THE MBTA unveiled an $850 million cost estimate for connecting the Red and Blue subway lines at Charles/MGH, a project that, if funding is found, could break ground in 2025 and be completed by 2030.
In a presentation to the Fiscal and Management Control Board on Monday, Eric Stoothoff, the T’s chief engineer, described how the connector would be built and a “concept” for what it would look like. He said Bowdoin Station on the Blue Line would be shut down and the Blue Line extended underground down Cambridge Street for 2,200 feet to a new Blue Line station at Charles/MGH.
Stoothoff said the connector would be built using a so-called cut and cover construction method – a huge trench would be dug down Cambridge Street, the subway line would be built in place, and then the trench would be recovered. Passengers would exit the new Blue Line station via escalators to the lobby of the existing Charles/MGH station or to a proposed Mass General Hospital medical building on Cambridge Street.
The idea of a Blue-Red connector has been bandied about since the early 1970s. State officials committed to a connector in 1990 as mitigation for the Big Dig, but that promise was abandoned due to lack of funding in 2010 and the federal government gave its blessing to halting the project in 2014.

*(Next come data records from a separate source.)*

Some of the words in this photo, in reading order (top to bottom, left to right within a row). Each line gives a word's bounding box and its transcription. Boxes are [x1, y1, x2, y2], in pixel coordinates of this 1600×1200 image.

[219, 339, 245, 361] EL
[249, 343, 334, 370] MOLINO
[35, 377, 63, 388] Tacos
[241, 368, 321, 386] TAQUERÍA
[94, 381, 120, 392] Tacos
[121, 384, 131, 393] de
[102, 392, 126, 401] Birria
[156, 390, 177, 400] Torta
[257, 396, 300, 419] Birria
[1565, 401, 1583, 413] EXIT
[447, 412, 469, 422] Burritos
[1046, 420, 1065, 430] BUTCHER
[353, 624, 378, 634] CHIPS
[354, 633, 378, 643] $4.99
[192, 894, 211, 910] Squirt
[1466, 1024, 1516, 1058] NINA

The idea has gained momentum in recent years as a way to give residents north of Boston – particularly those in Chelsea, Revere, and East Boston – a way to connect more easily with the Red Line and get to Massachusetts General Hospital. The idea also offers better connections to the airport for Red Line riders coming from Cambridge and Somerville.
Revere Mayor Brian Arrigo and Chelsea City Manager Tom Ambrosino both testified in favor of moving ahead with the project on Monday, as did Boston mayoral candidate Michelle Wu, former state transportatiuon secretary James Aloisi, and a host of advocates.

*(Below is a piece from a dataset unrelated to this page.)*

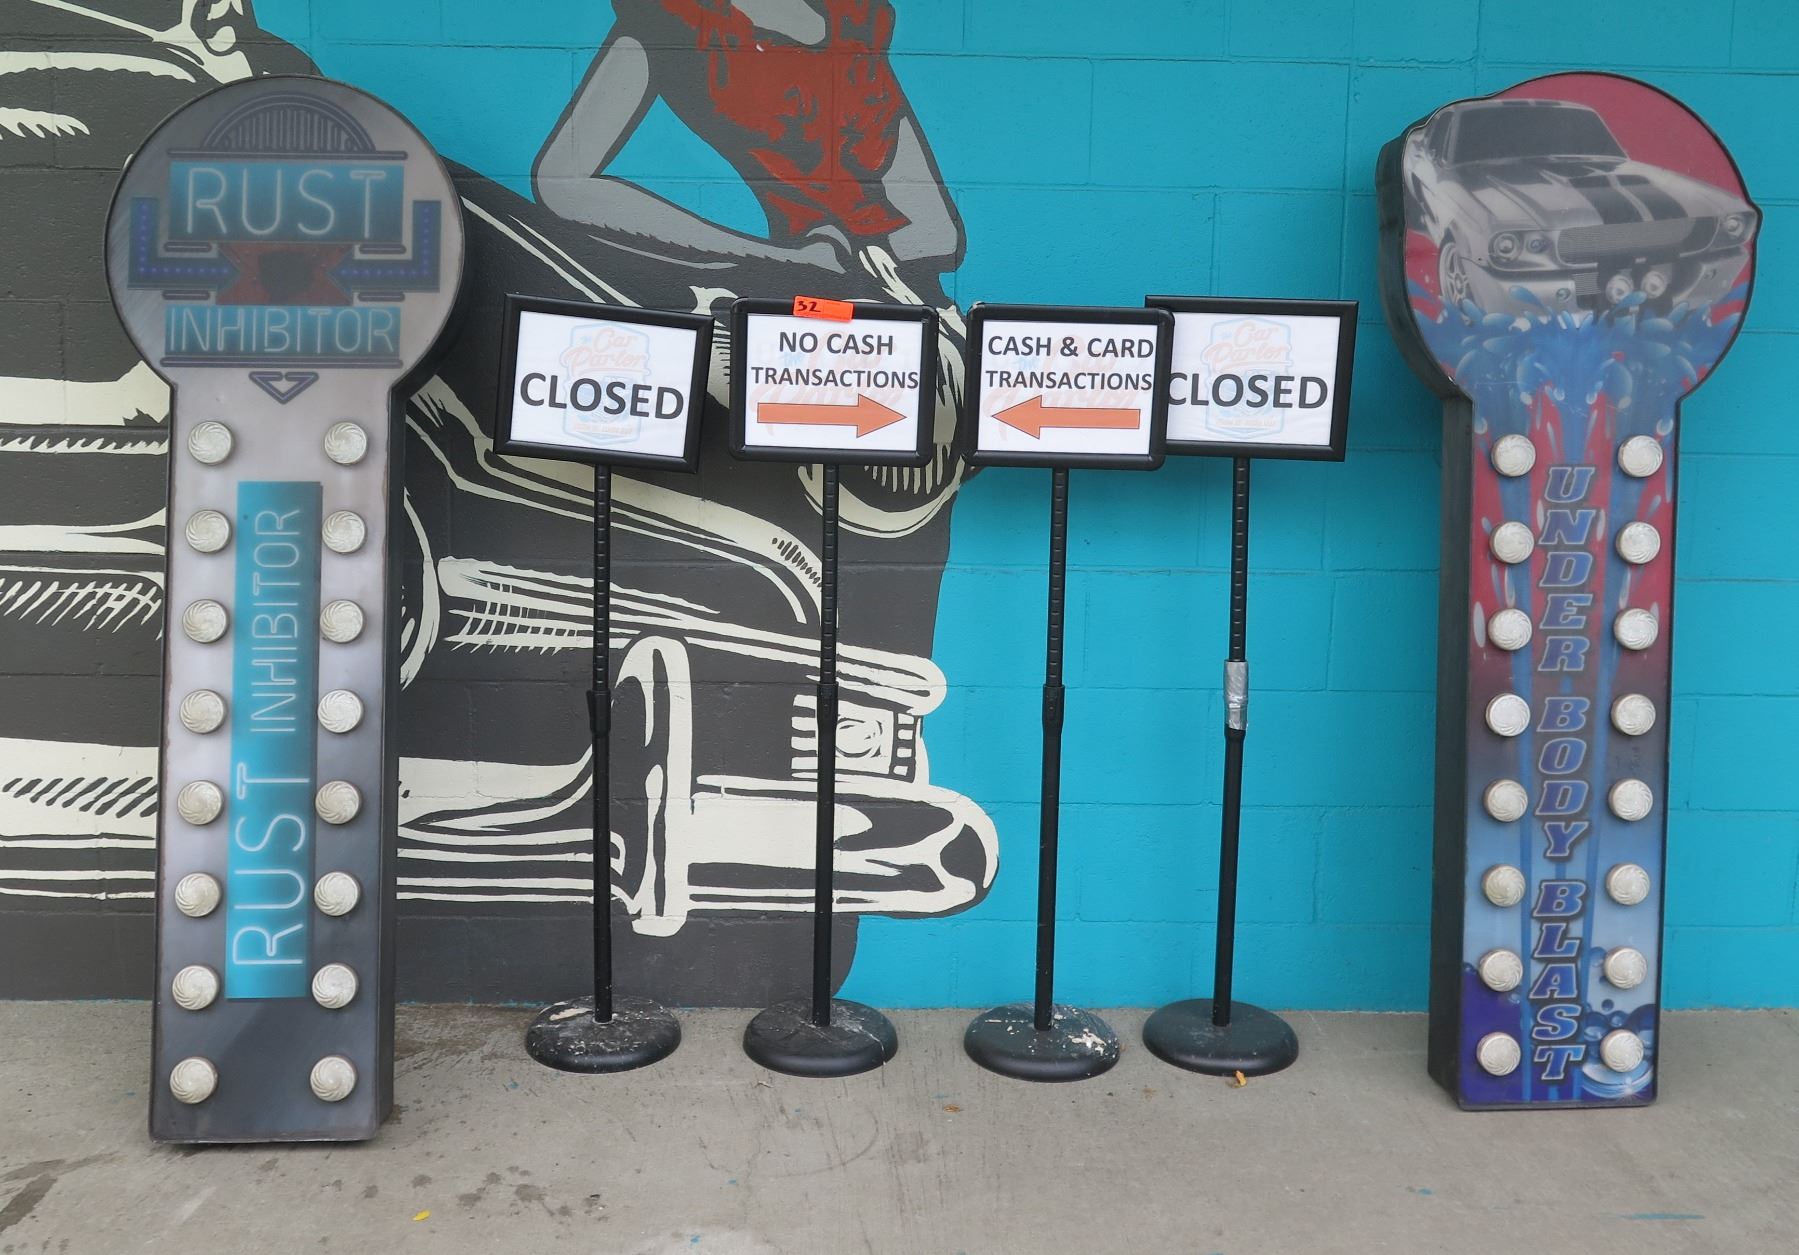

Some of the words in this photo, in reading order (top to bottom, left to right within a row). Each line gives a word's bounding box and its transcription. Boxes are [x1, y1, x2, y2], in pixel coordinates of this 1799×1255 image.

The spending plan for the concept estimates the cost of tunnel construction at $270 million, or nearly $114,000 per foot. The cost of a new Blue Line station was estimated at $60 million and the reconstruction of Cambridge Street at $20 million. The spending plan includes $140 million for contingencies, $50 million for additional design work, $130 million for inflation, and $130 million for other measures.
The T has spent limited funds on some preliminary designs and has $15 million on hand to do more design work. But that leaves most of the cost unfunded. Joe Aiello, the chair of the control board and a leading proponent of the connector, said he assumed acting Transportation Secretary Jamie Tesler and MBTA General Manager Steve Poftak would include funds in future capital spending plans for the project, but no commitments were made at Monday’s meeting.

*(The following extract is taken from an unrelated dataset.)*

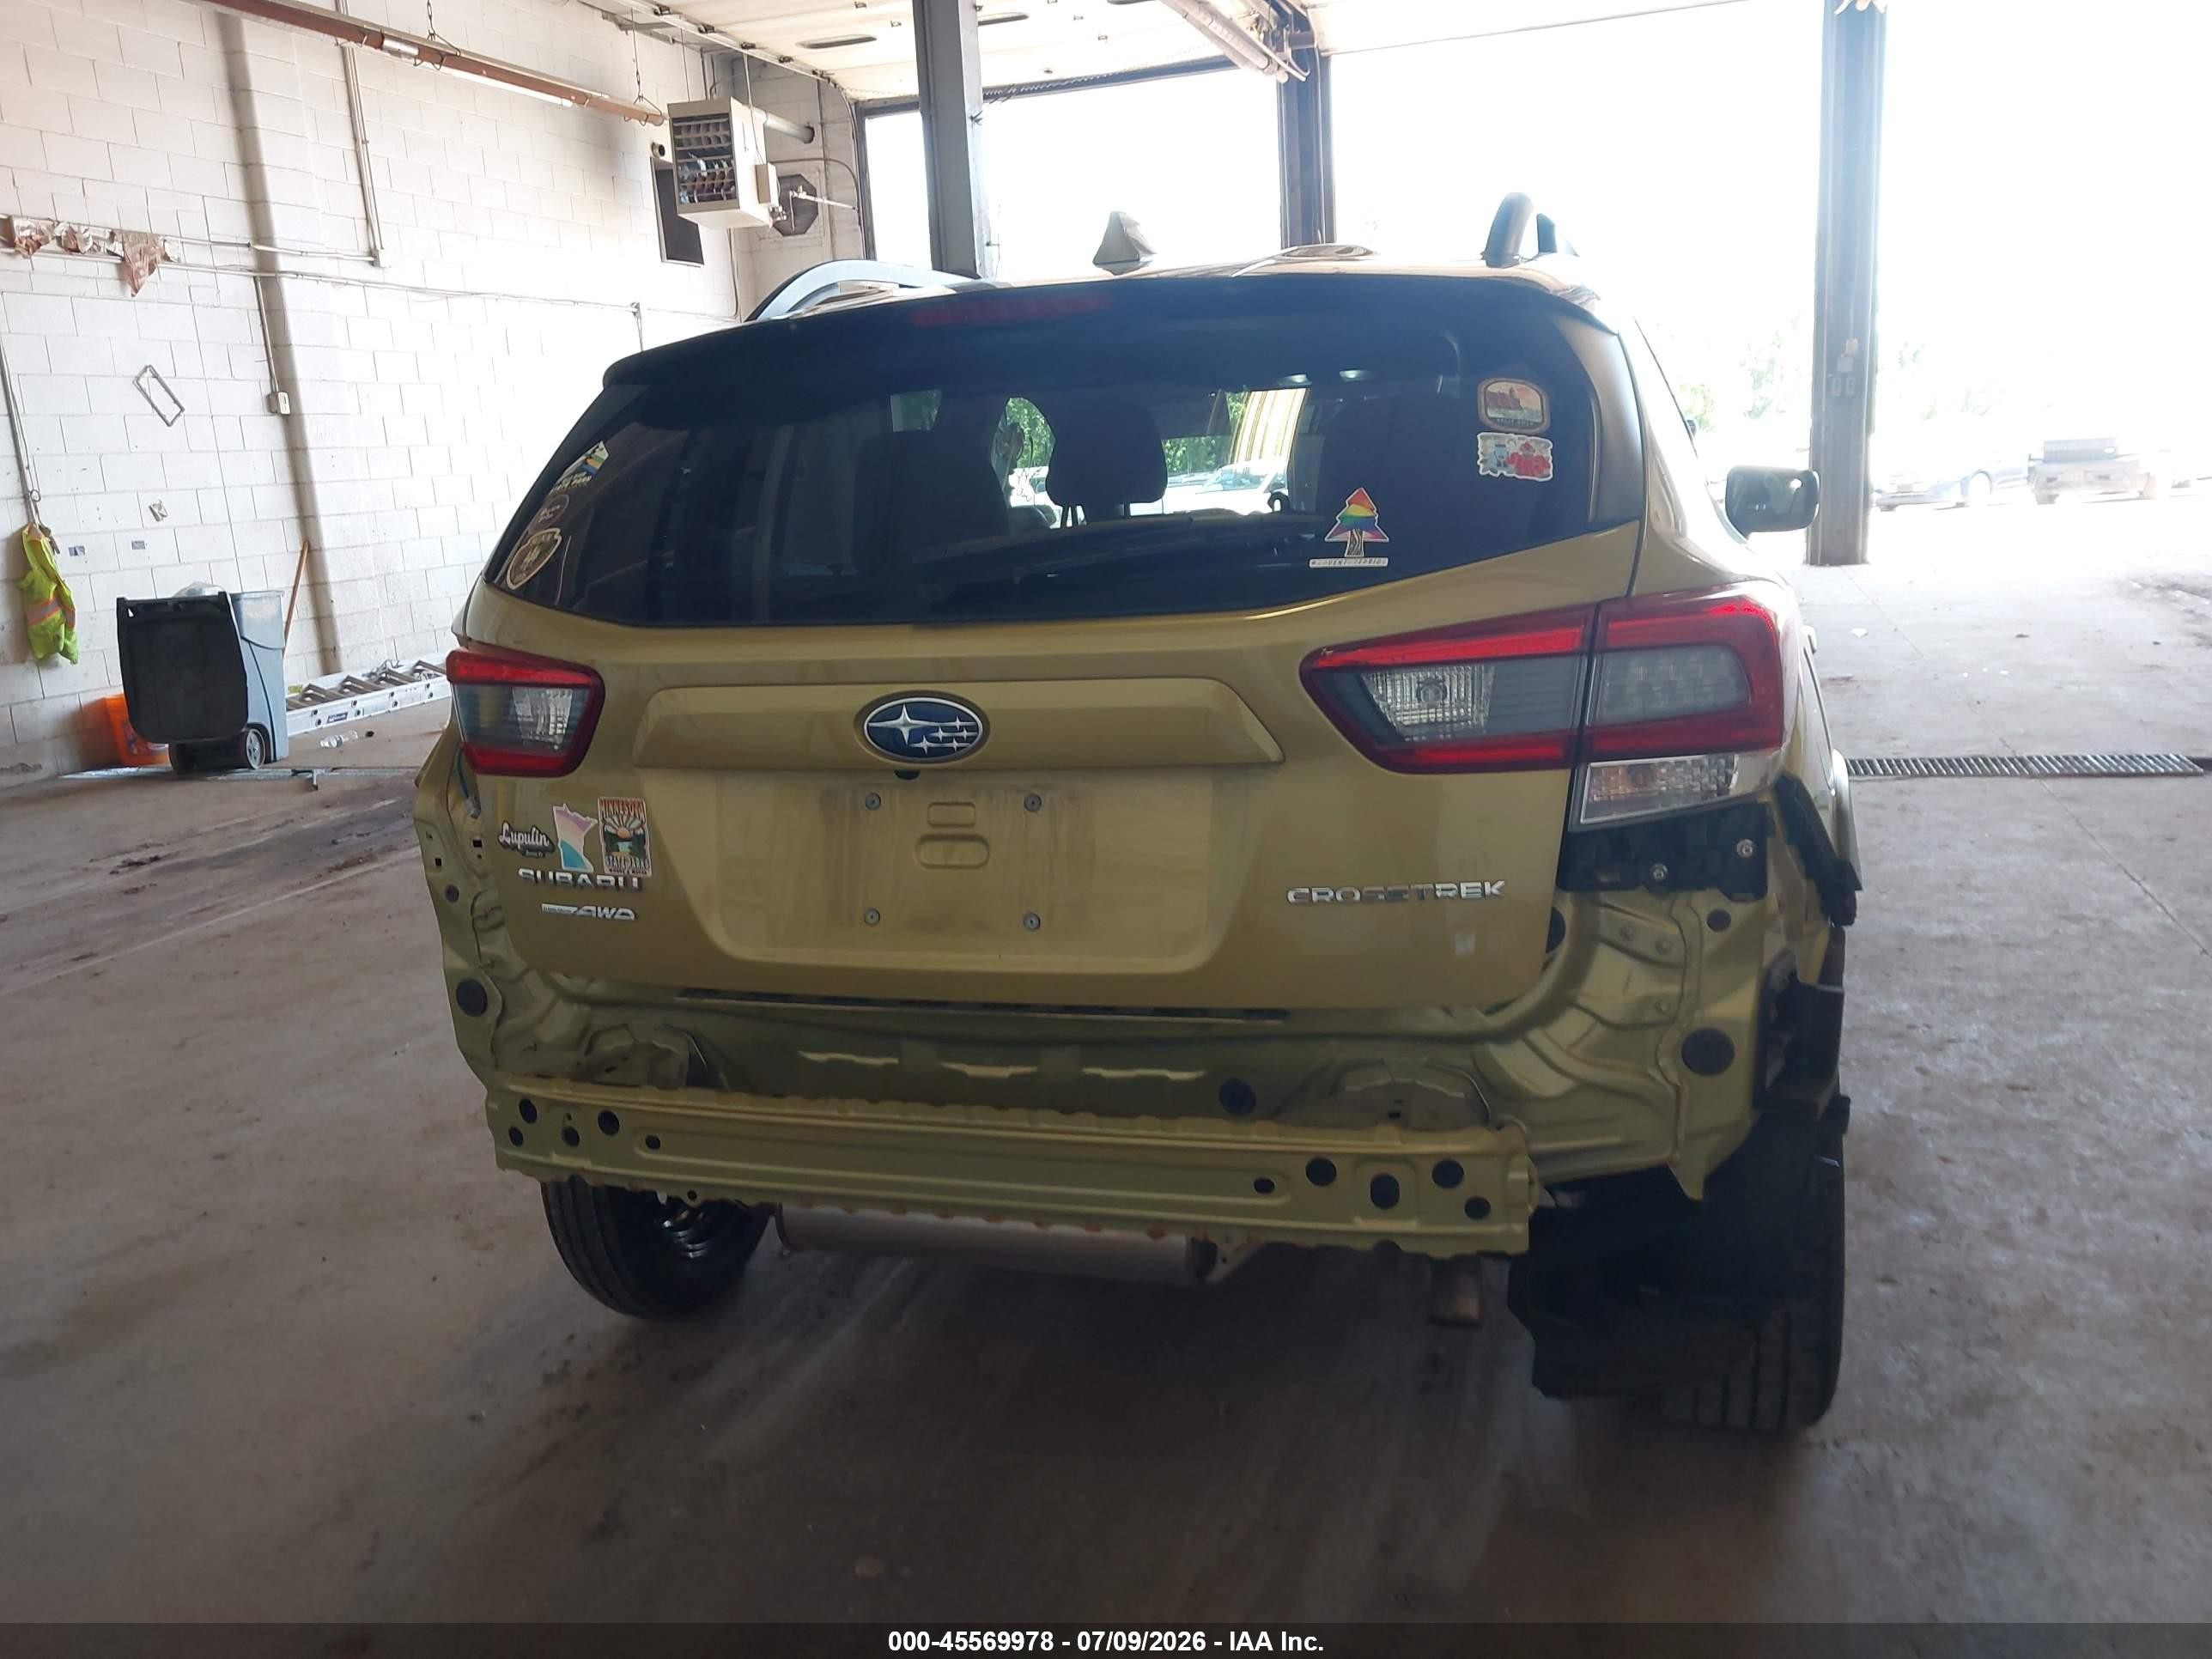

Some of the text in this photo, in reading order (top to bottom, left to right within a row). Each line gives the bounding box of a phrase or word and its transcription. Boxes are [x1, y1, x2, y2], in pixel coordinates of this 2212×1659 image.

[498, 822, 550, 850] Lupulin
[518, 868, 641, 890] SUBARU
[1287, 880, 1505, 903] CROSSTREK
[576, 905, 635, 921] AWD

A separate presentation to the control board suggested the T will face a huge gap in the future between potential capital projects and available funding. One chart showed funding needs in the $3 billion range for each of the next nine years with available funding nowhere near that level. The gap starts growing particularly large in fiscal 2024 and rises to about $2.5 billion a year in fiscal 2026 and beyond.